Fishguard to Rosslaire is the shortest route across the Irish Sea, and the tiny village is connected by rail with Cork and Queenstown. The journey through the green Irish countryside took several hours. Oliver endured it stoically, smoking the Admiralty’s cigarettes when his own gave out, and staring blindly at the windows.
He was only now beginning to realize the quixotic, headlong thing he had done, rushing off like this to see for himself what had happened to Phoebe Sprague. The explanation he had given his General was in its way quite true. There was no one else to come, and she would be alone and frightened, perhaps badly hurt, perhaps—But Maia wouldn’t see it that way, Maia would know why he had come. Maia would be sure now of a lot of things she had never been able to prove. And with the
blank focus of his eyes on the window frame rather than the spring landscape beyond it, he couldn’t feel that it mattered much any more, what Maia could prove. All that mattered was that Phoebe Sprague should be still alive when he got to Queenstown.
It was late forenoon when he arrived there, and survivors had been coming in all night. Some of them were still roaming the streets, clad fantastically in odds and ends, searching for lost friends and relatives, repeating the same names and the same questions hopefully, or desperately, to passersby on the chance of a clue.
Oliver joined them in a walking nightmare, and made his way first to the little Cunard Office on the quayside. There he found a huddle of half-demented survivors gathered round a list which was now and then added to, where it hung pinned to a board. Oliver took his turn at the list, which was pitifully short, and there was no one there named Sprague, or Day. His uniform and red tabs drew the respectful attention of the driven young man in charge, who said the hotels were full of people who might easily not be listed yet, as some of them weren’t—weren’t in a condition to give their names, as you might say, and then there was the hospital, and—apologetically—of course there were the morgues. “I should begin with the Queen’s Hotel if I were you, sir,” he finished helpfully.

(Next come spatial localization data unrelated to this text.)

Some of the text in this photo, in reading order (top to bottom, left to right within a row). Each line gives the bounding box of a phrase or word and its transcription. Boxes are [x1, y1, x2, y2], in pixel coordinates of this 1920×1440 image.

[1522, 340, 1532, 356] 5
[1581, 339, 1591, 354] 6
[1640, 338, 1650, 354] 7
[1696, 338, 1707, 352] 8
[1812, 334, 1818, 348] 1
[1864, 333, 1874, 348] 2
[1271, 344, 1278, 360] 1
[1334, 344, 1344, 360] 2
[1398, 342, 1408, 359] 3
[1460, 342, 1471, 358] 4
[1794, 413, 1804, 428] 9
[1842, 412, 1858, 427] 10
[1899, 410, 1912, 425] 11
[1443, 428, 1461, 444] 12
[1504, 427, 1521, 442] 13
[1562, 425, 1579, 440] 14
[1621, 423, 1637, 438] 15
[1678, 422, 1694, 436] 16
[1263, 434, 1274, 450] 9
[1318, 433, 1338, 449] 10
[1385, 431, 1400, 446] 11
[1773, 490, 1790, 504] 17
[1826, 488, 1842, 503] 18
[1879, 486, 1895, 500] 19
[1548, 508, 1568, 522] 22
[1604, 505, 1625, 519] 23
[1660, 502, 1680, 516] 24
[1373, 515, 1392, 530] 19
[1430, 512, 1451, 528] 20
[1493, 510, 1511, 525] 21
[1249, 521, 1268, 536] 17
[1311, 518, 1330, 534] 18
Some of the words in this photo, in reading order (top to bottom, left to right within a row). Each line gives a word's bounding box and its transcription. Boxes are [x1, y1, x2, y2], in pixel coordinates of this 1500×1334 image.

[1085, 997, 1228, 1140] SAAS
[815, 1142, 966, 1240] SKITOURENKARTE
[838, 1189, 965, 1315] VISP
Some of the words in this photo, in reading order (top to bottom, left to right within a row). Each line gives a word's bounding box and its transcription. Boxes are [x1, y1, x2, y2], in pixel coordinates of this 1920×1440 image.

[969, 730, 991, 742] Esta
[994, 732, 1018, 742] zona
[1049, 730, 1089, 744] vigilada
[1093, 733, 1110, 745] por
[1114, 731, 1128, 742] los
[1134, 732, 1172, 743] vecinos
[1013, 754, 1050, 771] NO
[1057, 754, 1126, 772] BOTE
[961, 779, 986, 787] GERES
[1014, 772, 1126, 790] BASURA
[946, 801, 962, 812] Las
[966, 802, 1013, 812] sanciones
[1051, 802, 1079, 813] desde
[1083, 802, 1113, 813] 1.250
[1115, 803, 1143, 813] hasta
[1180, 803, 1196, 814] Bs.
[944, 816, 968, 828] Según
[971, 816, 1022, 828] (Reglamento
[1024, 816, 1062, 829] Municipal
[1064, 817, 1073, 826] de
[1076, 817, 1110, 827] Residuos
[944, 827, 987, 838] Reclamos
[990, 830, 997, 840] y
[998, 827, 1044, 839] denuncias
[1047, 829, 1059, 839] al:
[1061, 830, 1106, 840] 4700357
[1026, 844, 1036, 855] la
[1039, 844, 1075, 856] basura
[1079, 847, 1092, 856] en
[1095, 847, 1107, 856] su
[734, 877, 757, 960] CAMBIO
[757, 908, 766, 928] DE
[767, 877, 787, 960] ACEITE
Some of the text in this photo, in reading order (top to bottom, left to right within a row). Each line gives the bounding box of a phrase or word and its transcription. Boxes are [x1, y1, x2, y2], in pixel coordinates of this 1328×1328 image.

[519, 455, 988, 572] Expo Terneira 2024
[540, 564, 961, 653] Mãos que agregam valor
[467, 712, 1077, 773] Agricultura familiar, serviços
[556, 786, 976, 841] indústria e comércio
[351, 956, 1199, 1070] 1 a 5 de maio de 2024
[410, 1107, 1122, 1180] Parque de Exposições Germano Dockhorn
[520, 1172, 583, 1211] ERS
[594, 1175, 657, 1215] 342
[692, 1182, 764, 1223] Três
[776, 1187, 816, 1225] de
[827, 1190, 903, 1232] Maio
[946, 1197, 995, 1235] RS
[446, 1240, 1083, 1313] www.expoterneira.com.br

The conviction was growing on Oliver that if Phoebe were—able—she would have got her name on the list or filed some sort of message by now. A visit to the post-office telegraph station in the square yielded nothing. There had been no message signed Sprague or Day. He went on, and entered the lobby of the first hotel he came to. Weeping, hysterical women, tense, overwrought men, silent, motionless figures, some rudely bandaged, lying on the sofas and in the chairs and even on the floor—the place smelt of vomit, and urine, and blood. He paced grimly among the oblivious crowd, looking into tragic faces distorted by grief and horror. She was not there. A sympathetic manageress gave him the register to search.
It was worthless. He thanked her and left the hotel, drawing a long breath as he reached the clean, salty air of the street.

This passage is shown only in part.